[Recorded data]
• • • • •
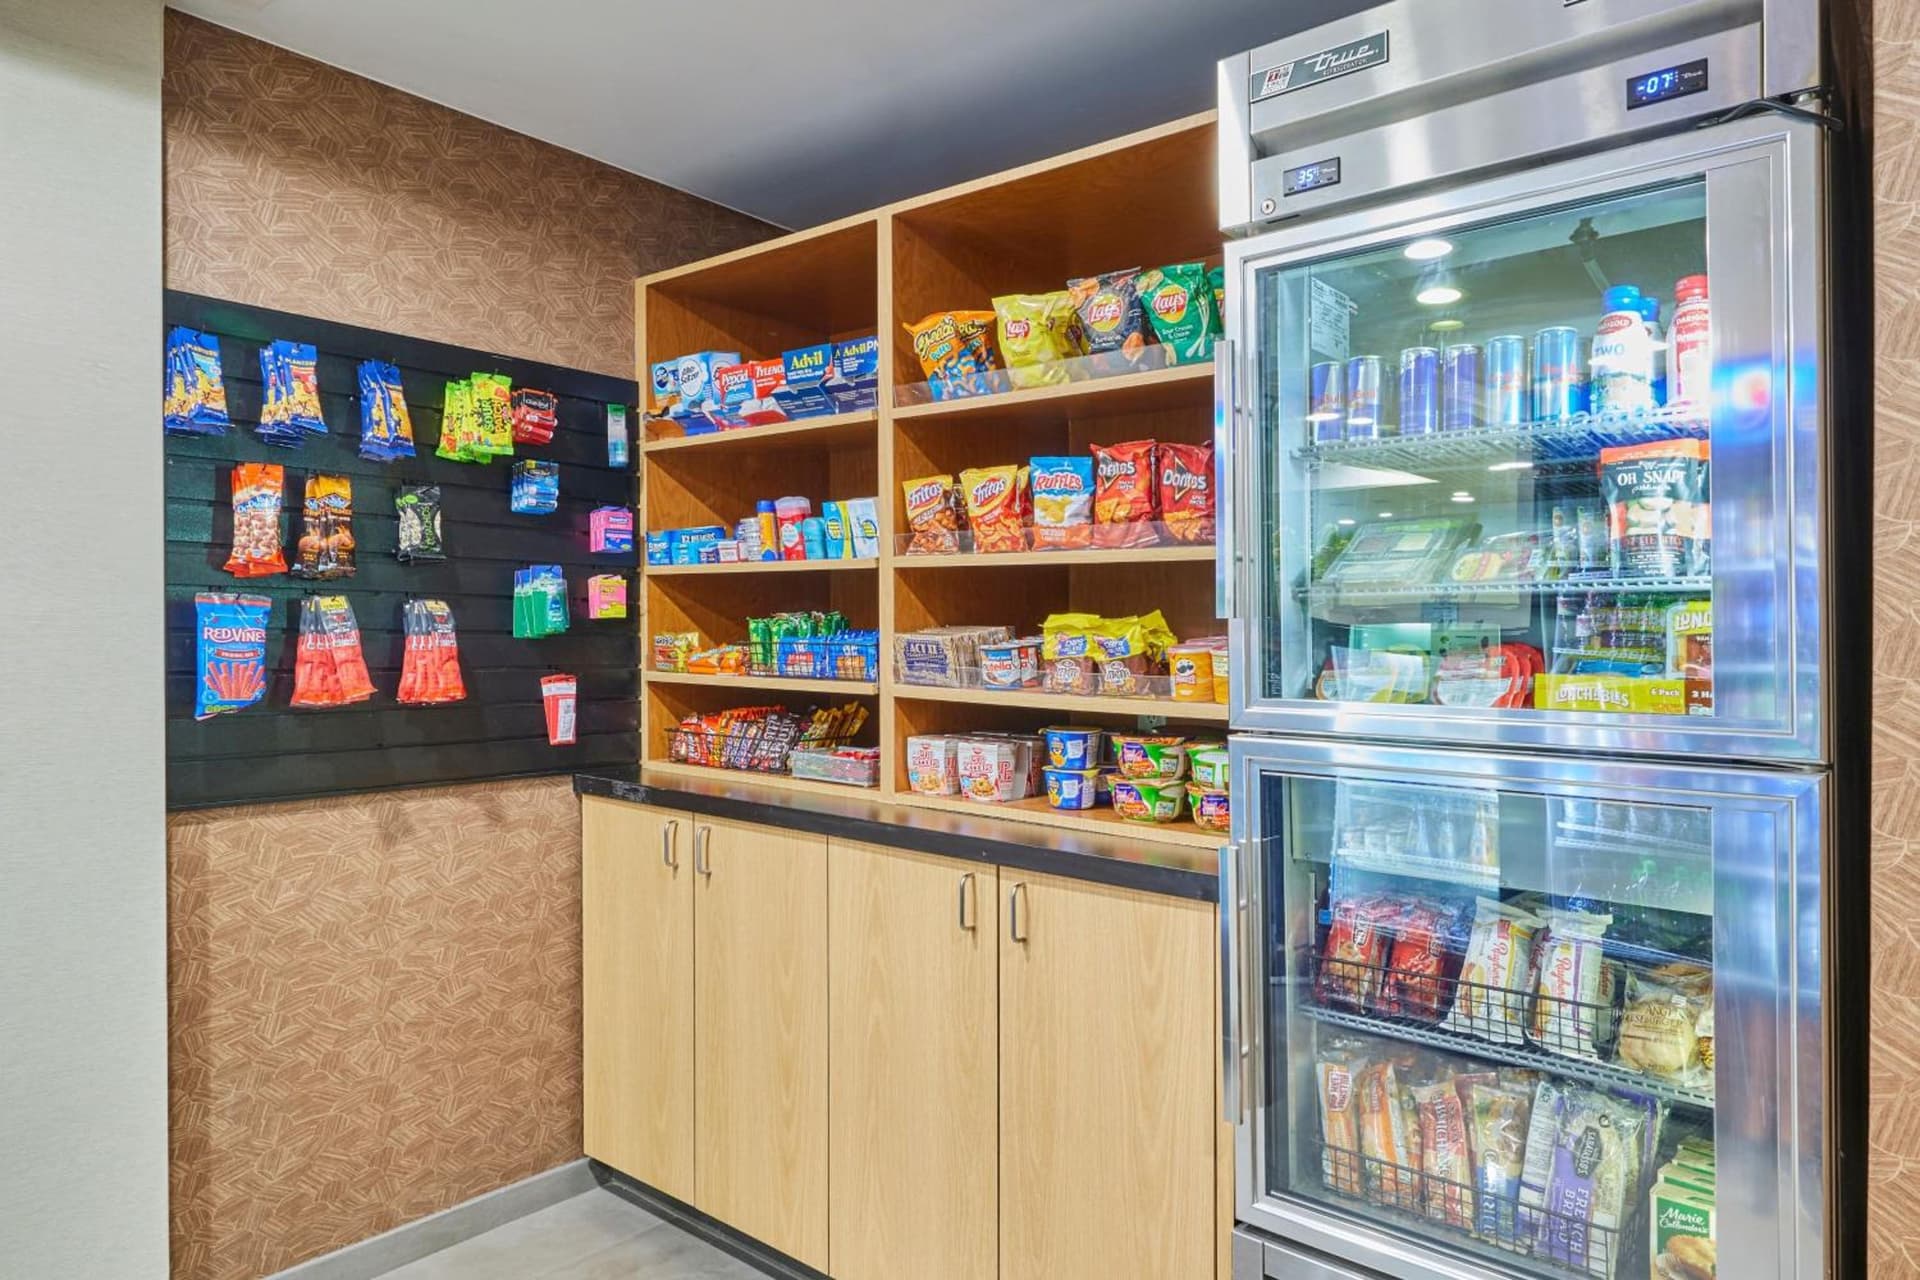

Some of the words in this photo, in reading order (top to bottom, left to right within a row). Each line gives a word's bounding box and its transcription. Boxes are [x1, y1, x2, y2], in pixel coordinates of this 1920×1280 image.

[791, 350, 824, 370] Advil
[843, 345, 866, 357] Advil
[483, 399, 494, 433] SOUR
[1033, 472, 1083, 492] RUFFLES
[1163, 469, 1207, 490] Doritos
[1617, 472, 1637, 486] OH
[1569, 1187, 1589, 1254] FRENCH
[1660, 1207, 1704, 1226] Marie
• • • • •
*What the task requires*. Give back every entry in its exact wording, leaving the pictures out.

*Exercise solution*.
Some of the words in this photo, in reading order (top to bottom, left to right within a row). Each line gives a word's bounding box and its transcription. Boxes are [x1, y1, x2, y2], in pixel coordinates of this 1920×1280 image.

[791, 350, 824, 370] Advil
[843, 345, 866, 357] Advil
[483, 399, 494, 433] SOUR
[1033, 472, 1083, 492] RUFFLES
[1163, 469, 1207, 490] Doritos
[1617, 472, 1637, 486] OH
[1569, 1187, 1589, 1254] FRENCH
[1660, 1207, 1704, 1226] Marie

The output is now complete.